If you don't want these types of games made illegal, then what do you expect or want for them seeing as you don't think they should be made the way they are? You do know making people feel really uncomfortable/bad for making games like this, and doing so until they pretty much stop making them, is almost like prohibition, yes? Only instead of the government doing it, now it's peer pressure. "Good game designers don't put in IAPs of that kind. *tsk-tsk-tsk* *look of disapproval*"

You say, "Saying that people have a right to choose therefore you're justified in giving people any choices they want is wholly a fallacy." As long as the choices I offer are completely legal for the area I live in and am offering my product in, how is it a fallacy that people should expect to be able to have any of the choices I might offer? And if we're not heading towards a nanny-state-of-mind in gaming, then how is it you want to peer pressure people into not offering gaming options you personally disagree with?

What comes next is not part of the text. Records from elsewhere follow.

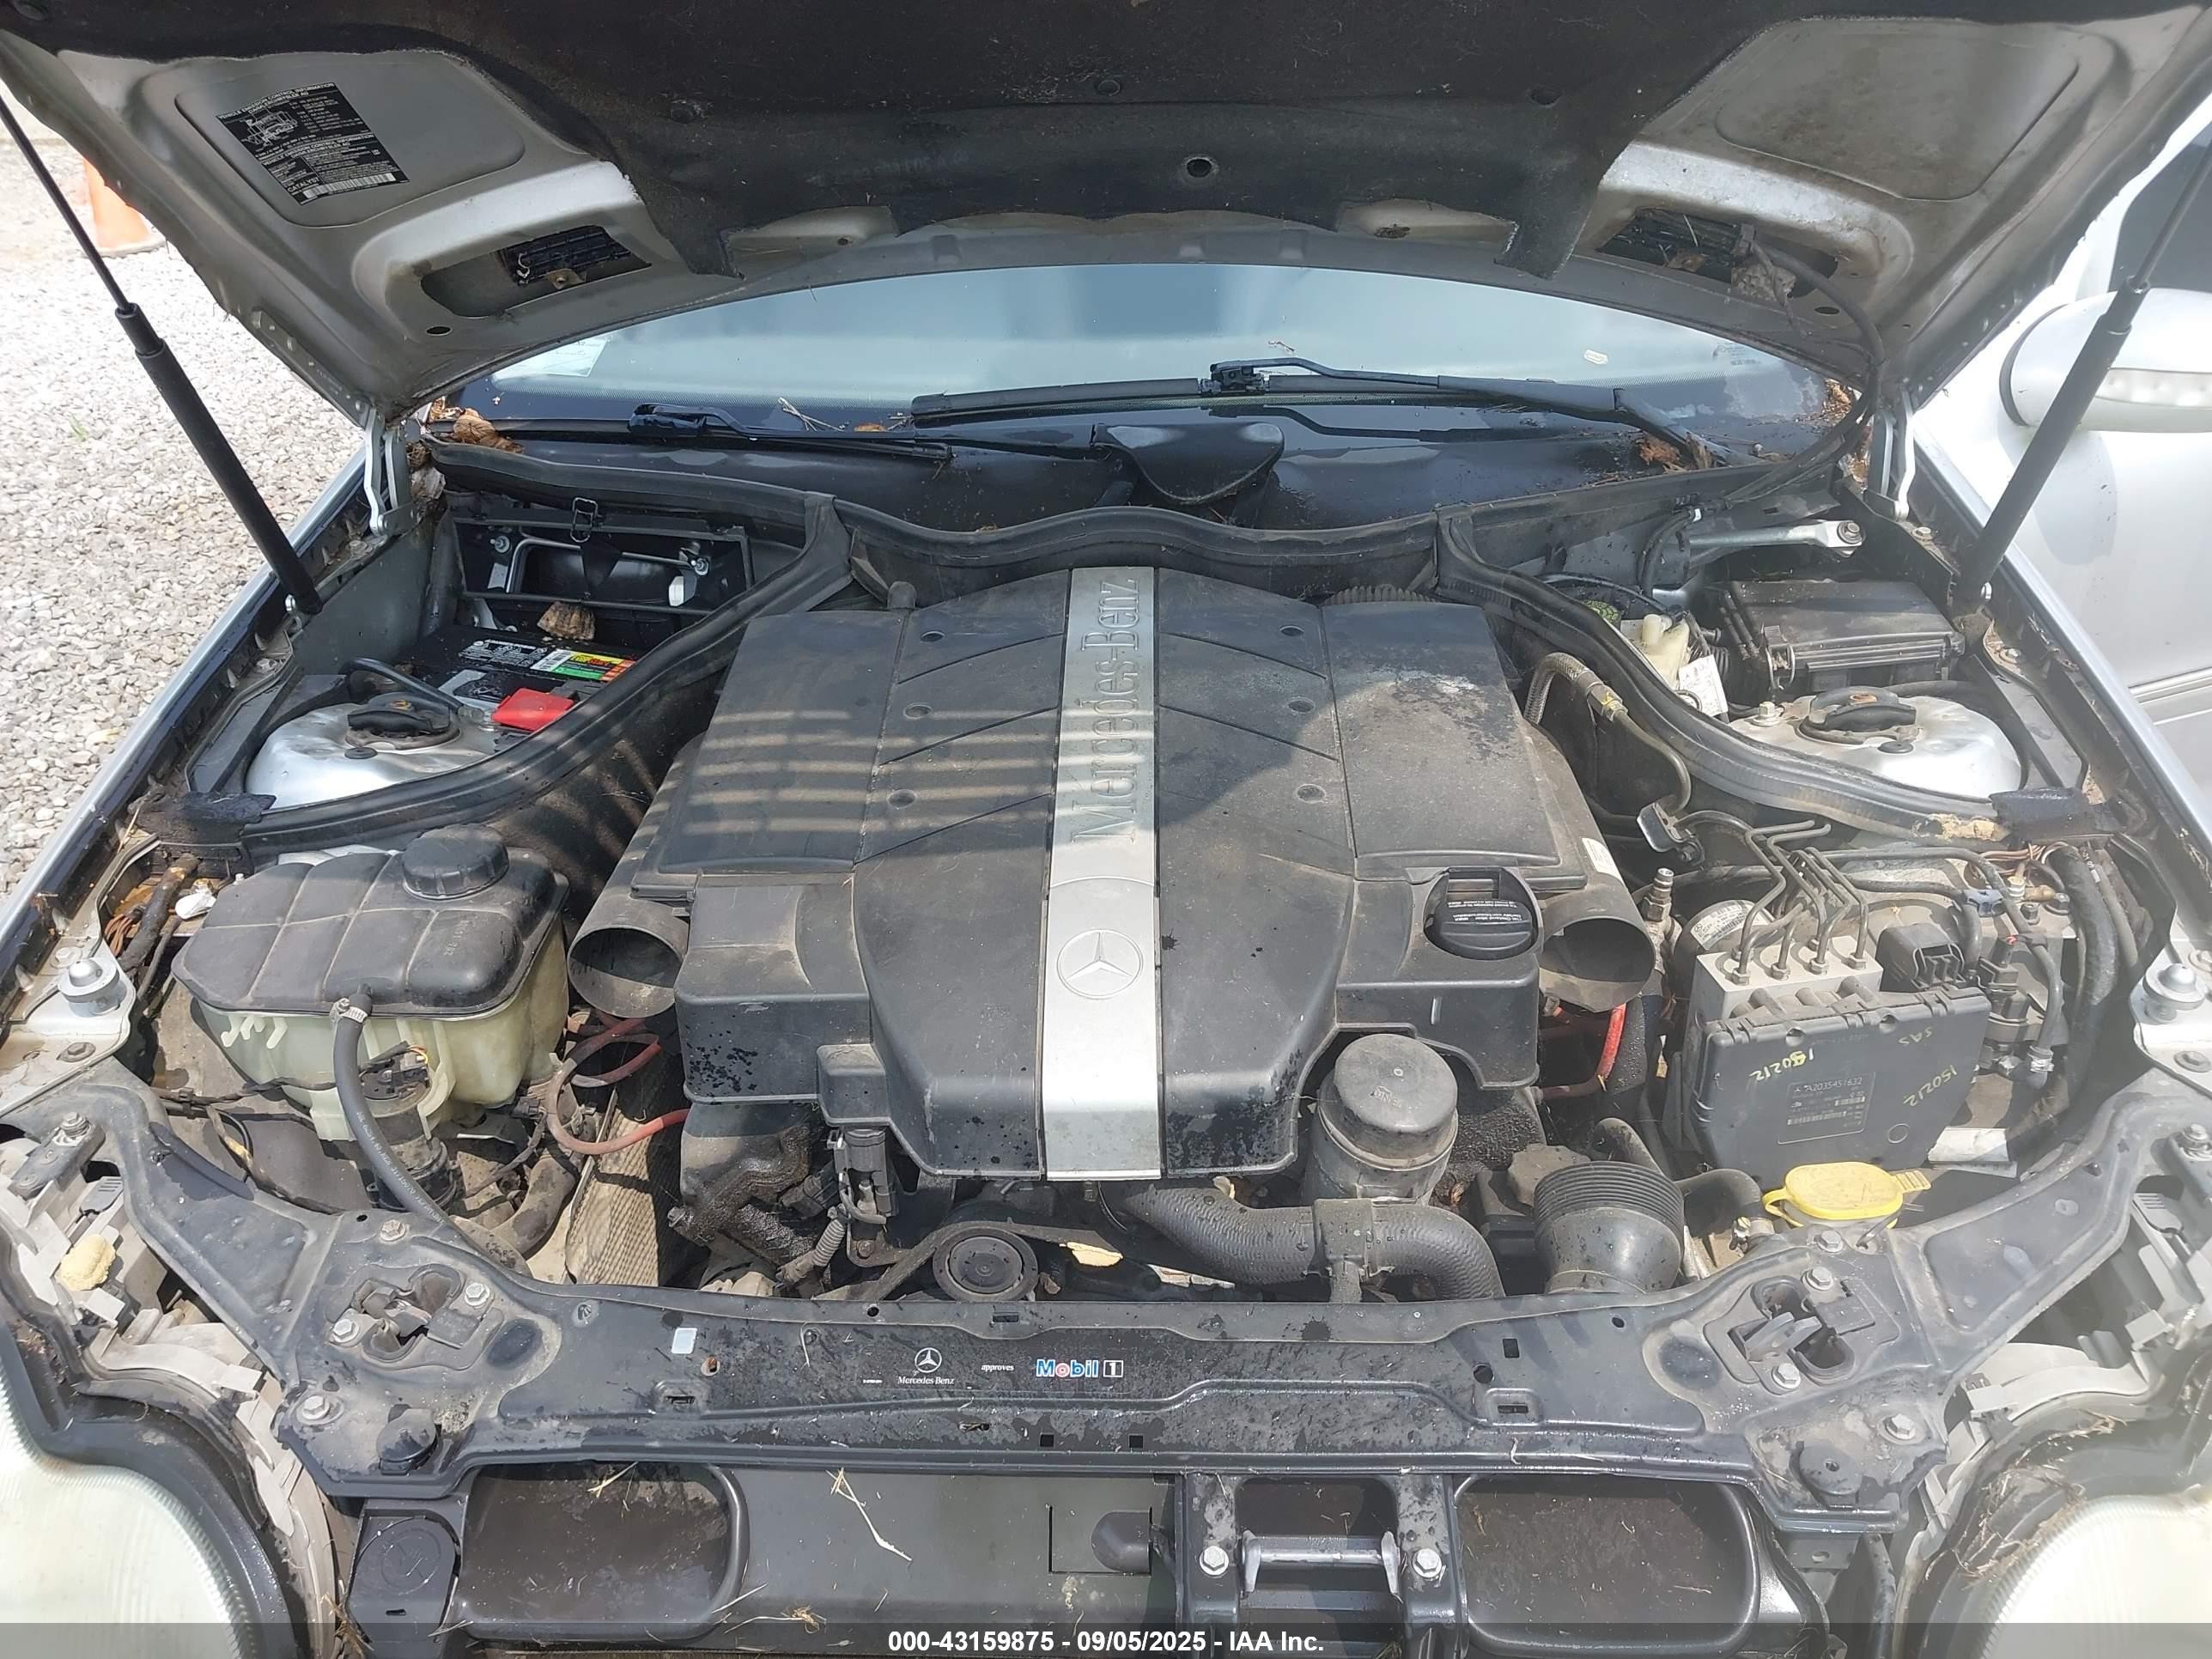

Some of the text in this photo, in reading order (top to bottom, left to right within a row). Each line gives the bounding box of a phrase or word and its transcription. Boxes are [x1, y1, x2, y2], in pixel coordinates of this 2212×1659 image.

[287, 177, 319, 192] CATALYST
[1071, 578, 1139, 843] Mercedes-Benz
[981, 1364, 1015, 1373] approves
[1036, 1358, 1099, 1378] Mobil
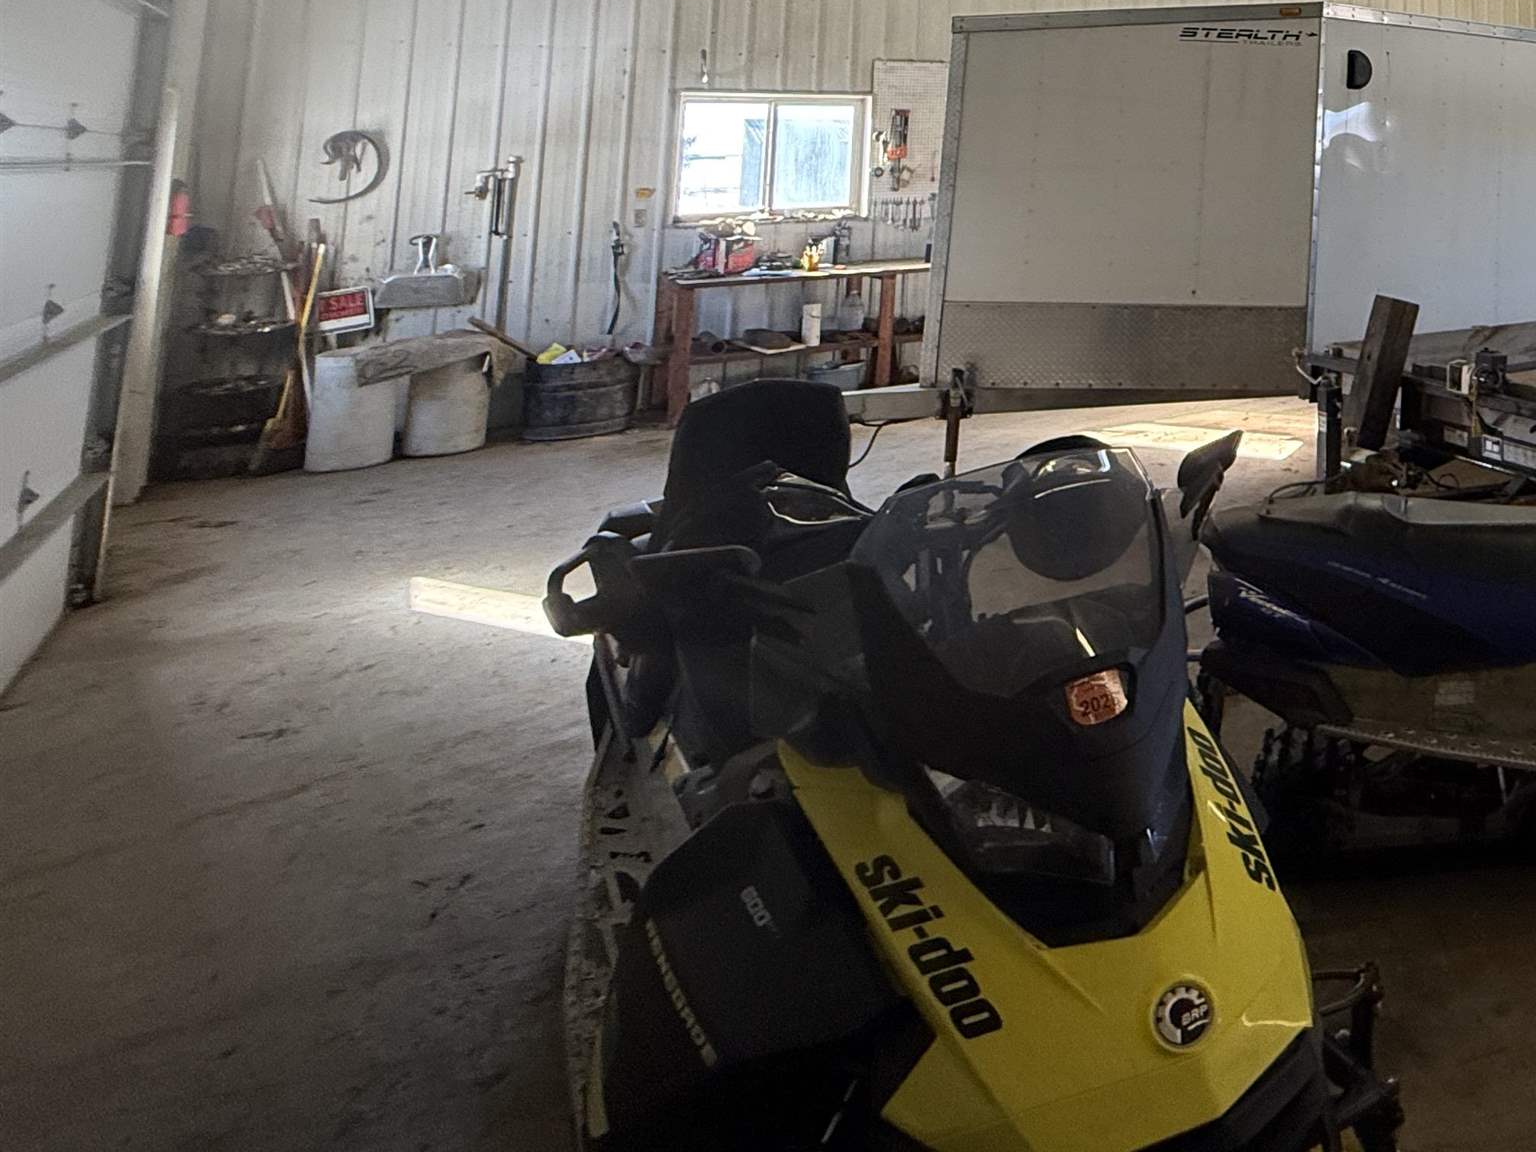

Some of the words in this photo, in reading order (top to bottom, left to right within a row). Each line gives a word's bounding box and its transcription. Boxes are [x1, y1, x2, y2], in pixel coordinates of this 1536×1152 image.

[1179, 27, 1303, 40] STEALTH
[329, 293, 364, 310] SALE
[1186, 726, 1277, 892] ski-doo
[855, 854, 1003, 1039] ski-doo
[1181, 1004, 1209, 1026] BRP
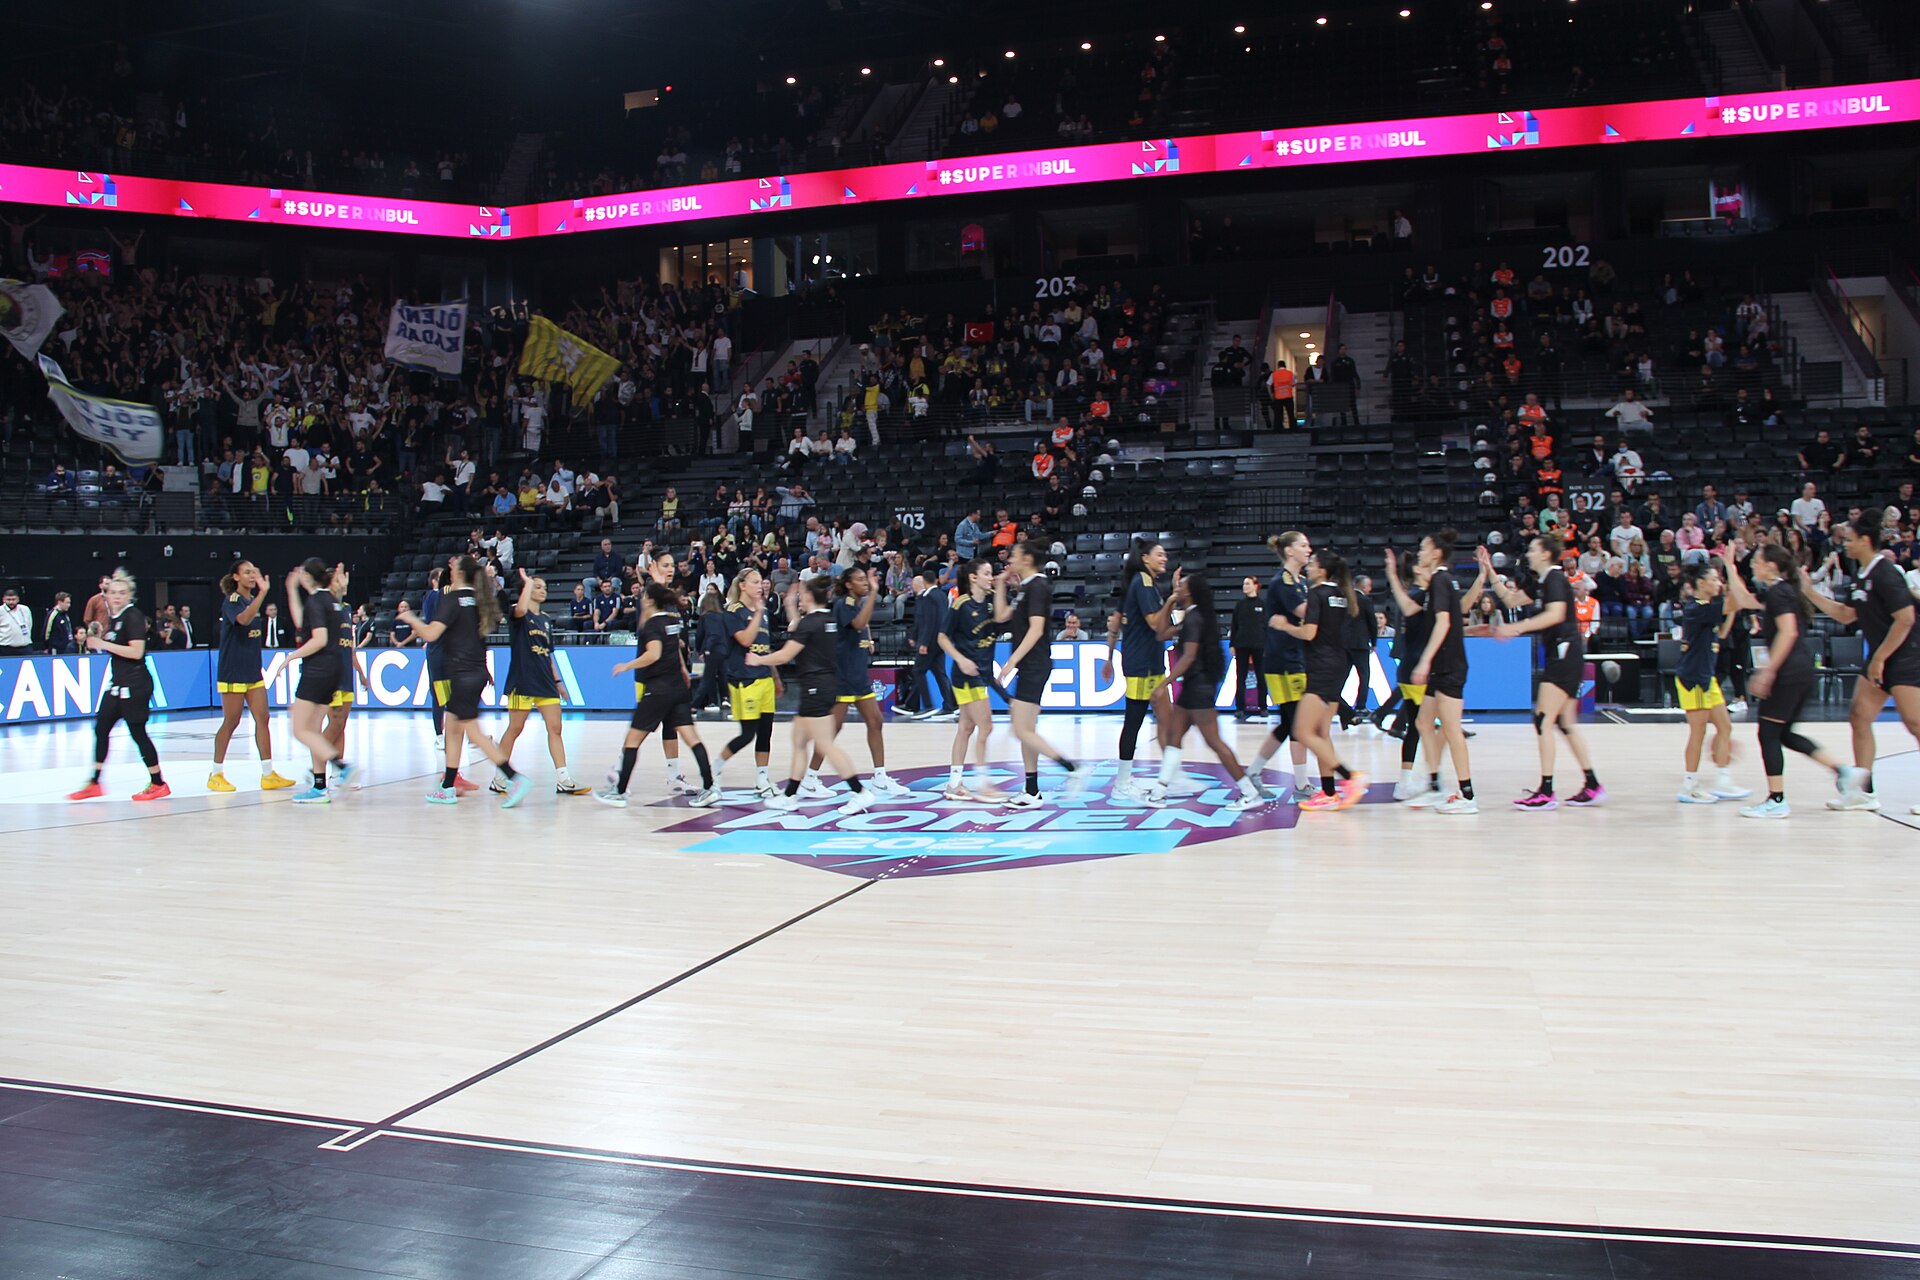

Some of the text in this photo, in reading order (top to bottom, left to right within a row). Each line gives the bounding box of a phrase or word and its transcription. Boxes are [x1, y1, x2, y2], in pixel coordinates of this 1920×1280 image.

[1543, 245, 1590, 268] 202
[1035, 276, 1076, 298] 203
[713, 808, 1244, 830] WOMEN
[807, 836, 1053, 850] 2024

I'm going to do that evil boiling-down thing, but let's boil it down. Either you want people to have the complete and utter freedom to exercise the rights given to them by the country in which they reside, including having access to games made in a style you personally think is exploitative, or you do not think people can be trusted with such unfettered freedom and we should discourage game makers from giving them said freedoms. If it is some other third, fourth, or even more options, please correct me by saying them. This is merely what I'm reading from you. What I hear is, "People are too gullible or lazy and it's too easy to trick them into spending money they shouldn't so we should seriously discourage people from making games that include money-spending as ways to enhance the gaming experience so players don't fall into those traps." You may certainly hold such an opinion, assuming you do, so long as you don't use that opinion to stop me or others from doing exactly what we please within the confines of the law and the abilities of ourselves and/or our game design software.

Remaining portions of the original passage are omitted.